Isto porque o aludido artigo 22 autoriza o Poder Executivo a renovar benefícios fiscais que estavam em vigor na data da publicação da referida lei (outubro de 2020), bem como também reduzir os benefícios fiscais e financeiros-fiscais relacionados ao ICMS, na forma do convênio 42, de 3 de maio de 2016, do CONFAZ, e alterações posteriores.
O ponto é que a delegação de competência realizada pela Assembleia Legislativa do Estado de São Paulo ao Poder Executivo é manifestamente inconstitucional e ilegal, ao passo que foi editada em inobservância ao artigo 163, inciso I e § 6º da Constituição do Estado de São Paulo, artigo 150, inciso I e § 6º da Constituição Federal e artigos 7º, 97, incisos I e VI e 178 do Código Tributário Nacional, que reservam a competência de dispor sobre isenções à lei em sentido estrito.
A decisão é importante, ainda mais no contexto do agravamento da crise sanitária e, consequentemente, econômica, visto que ela pode (e vai) desencadear o tão temido "efeito multiplicador" pelo governo estadual desde que o desfavoreça, mas de maneira extremamente gravosa ao contribuinte.
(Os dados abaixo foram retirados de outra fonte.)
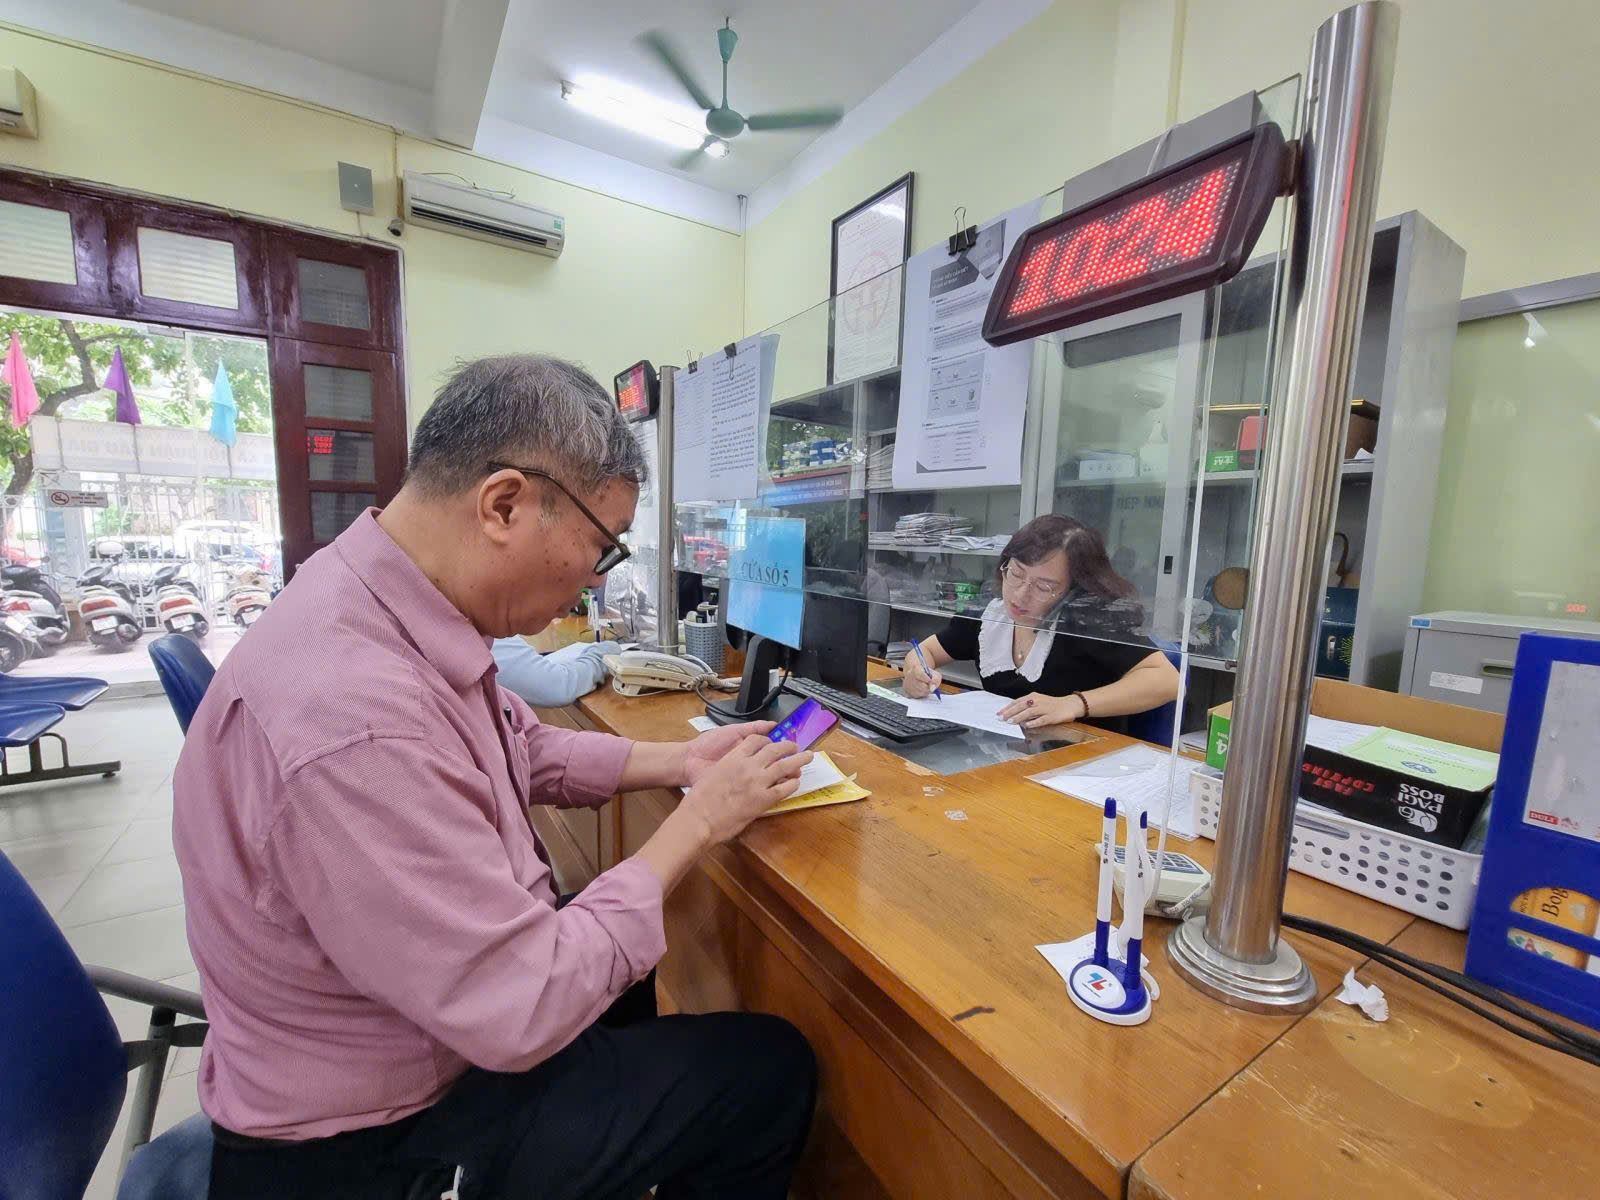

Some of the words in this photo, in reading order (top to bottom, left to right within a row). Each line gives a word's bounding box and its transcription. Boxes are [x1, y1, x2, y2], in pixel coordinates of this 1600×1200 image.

É preocupante a decisão pautar-se apenas no aspecto fiscal da questão e na, suposta, potencialidade lesiva à economia pública, como argumento único, o que não deve ser tomado como regra em discussões judiciais envolvendo este ou qualquer outro tipo de matéria.
Apesar de ser relevante perceber que o equilíbrio das contas públicas é uma pauta importante para o governo, falta a sensibilidade, tanto do governo do Estado de São Paulo como o TJ/SP, que diante do cenário atual desconsideram a figura de quem acaba arcando com este tipo de medida, que é a população, esta sim sentindo fortemente e há bastante tempo o impacto da crise que estamos vivenciando.